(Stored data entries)
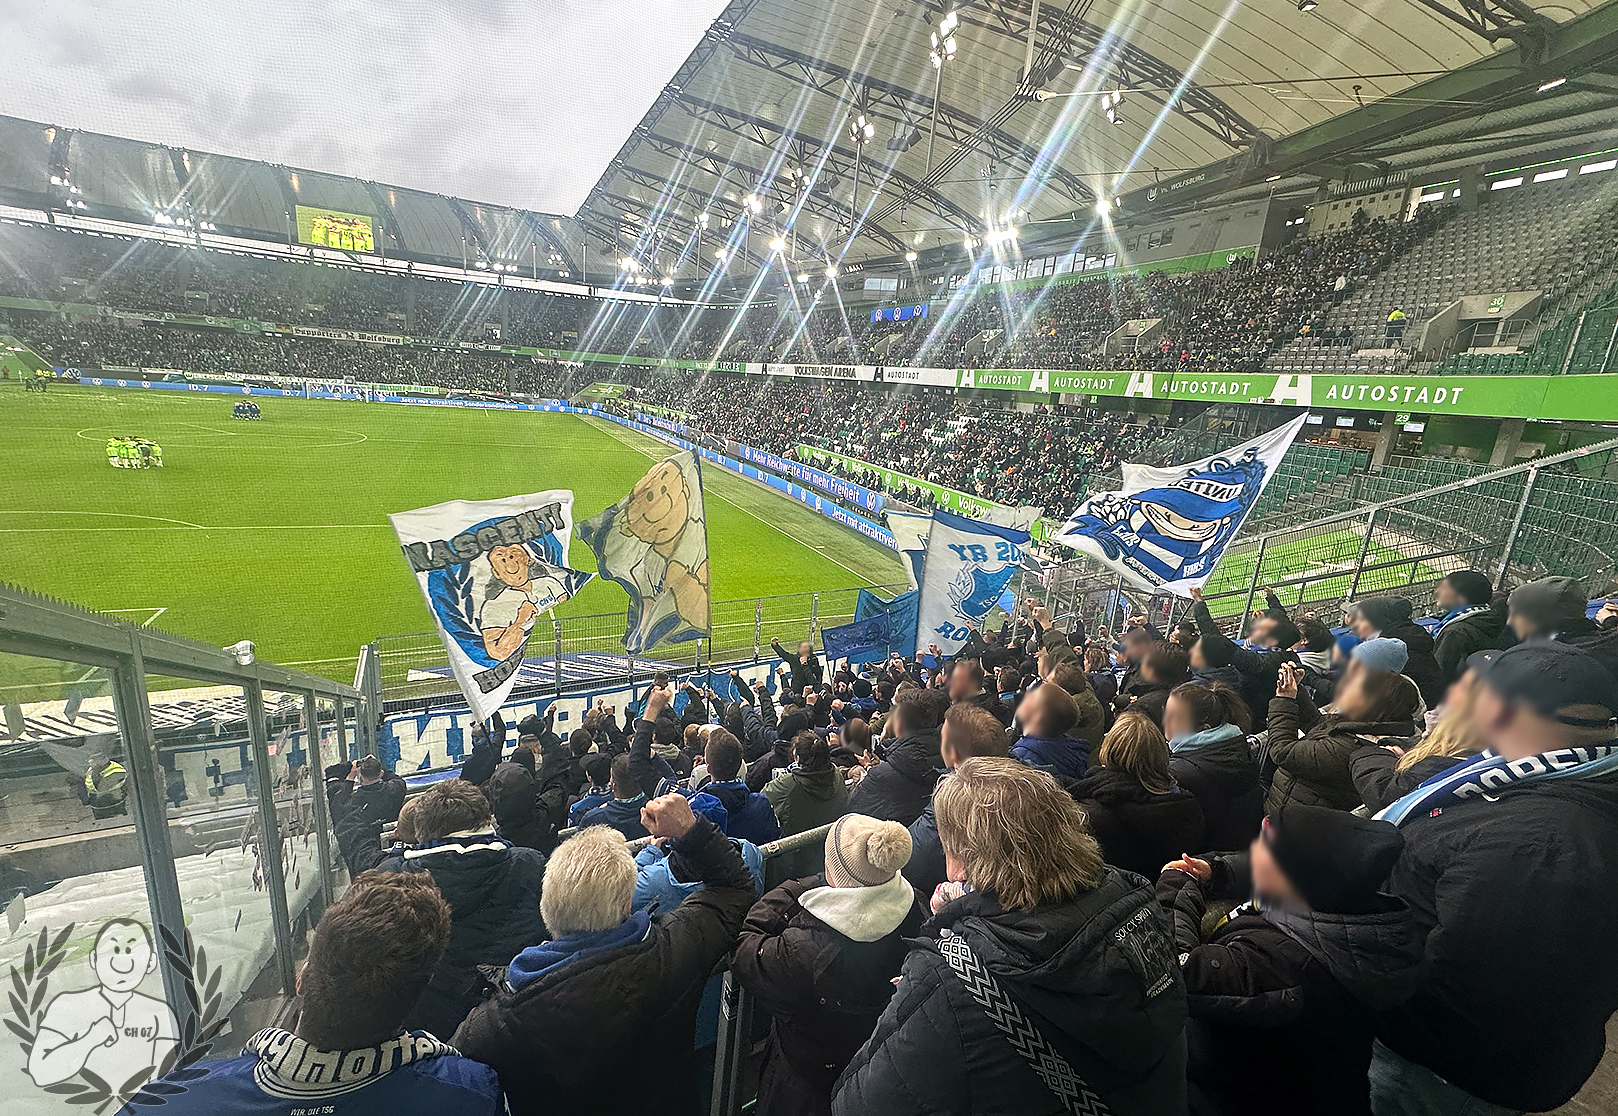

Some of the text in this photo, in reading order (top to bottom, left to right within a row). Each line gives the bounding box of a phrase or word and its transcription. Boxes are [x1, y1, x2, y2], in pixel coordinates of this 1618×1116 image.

[358, 332, 401, 344] Wolfsburg
[793, 364, 833, 378] VOLKSWAGEN
[833, 366, 857, 379] ARENA
[887, 370, 919, 380] AUTOSTADT
[977, 373, 1023, 386] AUTOSTADT
[1053, 376, 1115, 390] AUTOSTADT
[1160, 379, 1252, 396] AUTOSTADT
[1326, 384, 1464, 405] AUTOSTADT
[429, 399, 463, 407] attraktiven
[463, 401, 519, 409] Sonderkonditionen
[1396, 414, 1409, 423] 29
[752, 452, 767, 466] Mehr
[766, 455, 801, 478] Reichweite
[801, 467, 812, 481] für
[812, 471, 830, 489] mehr
[830, 477, 860, 503] Freiheit
[832, 507, 898, 549] Jetzt mit attraktiven
[947, 543, 989, 563] YB
[321, 1105, 335, 1114] TSG
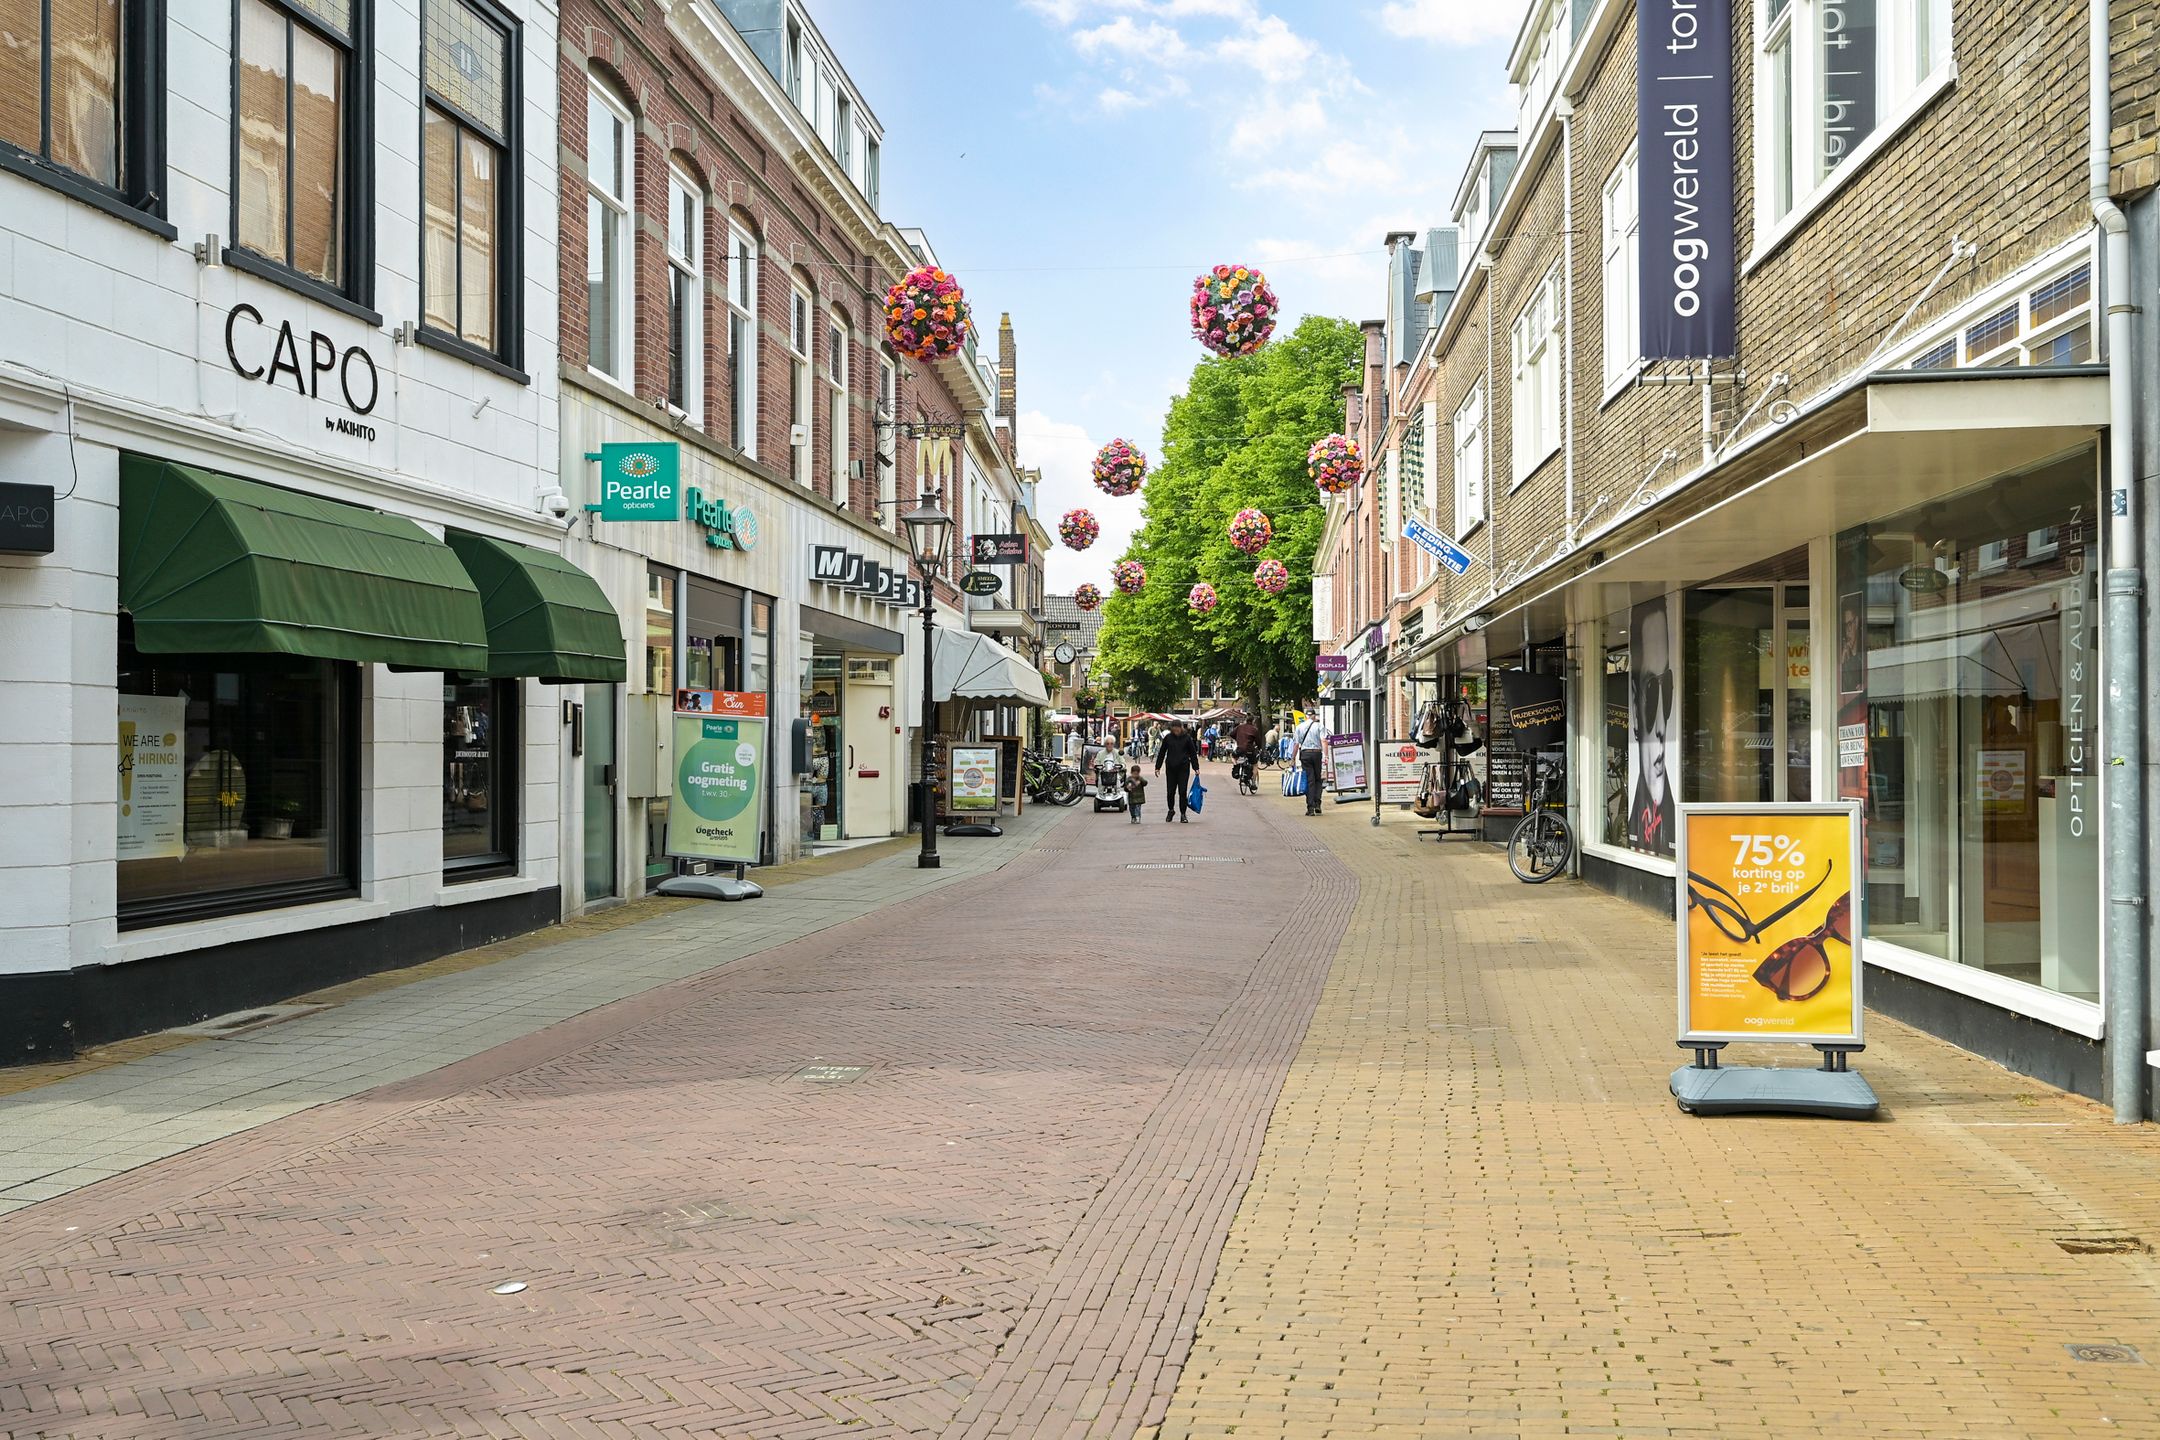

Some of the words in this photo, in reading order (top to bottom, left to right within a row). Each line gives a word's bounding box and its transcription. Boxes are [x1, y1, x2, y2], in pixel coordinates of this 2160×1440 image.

**Exercise goal**
Set every entry down again word for word, but not the pictures.

**Exercise result**
Some of the text in this photo, in reading order (top to bottom, left to right within a row). Each line gives the bounding box of a phrase or word and its transcription. Boxes are [x1, y1, x2, y2], in pixel coordinates of this 1618×1116 image.

[358, 332, 401, 344] Wolfsburg
[793, 364, 833, 378] VOLKSWAGEN
[833, 366, 857, 379] ARENA
[887, 370, 919, 380] AUTOSTADT
[977, 373, 1023, 386] AUTOSTADT
[1053, 376, 1115, 390] AUTOSTADT
[1160, 379, 1252, 396] AUTOSTADT
[1326, 384, 1464, 405] AUTOSTADT
[429, 399, 463, 407] attraktiven
[463, 401, 519, 409] Sonderkonditionen
[1396, 414, 1409, 423] 29
[752, 452, 767, 466] Mehr
[766, 455, 801, 478] Reichweite
[801, 467, 812, 481] für
[812, 471, 830, 489] mehr
[830, 477, 860, 503] Freiheit
[832, 507, 898, 549] Jetzt mit attraktiven
[947, 543, 989, 563] YB
[321, 1105, 335, 1114] TSG

Some of the words in this photo, in reading order (top to bottom, left to right within a row). Each line gives a word's bounding box and its transcription. Boxes are [x1, y1, x2, y2], in pixel coordinates of this 2160×1440 image.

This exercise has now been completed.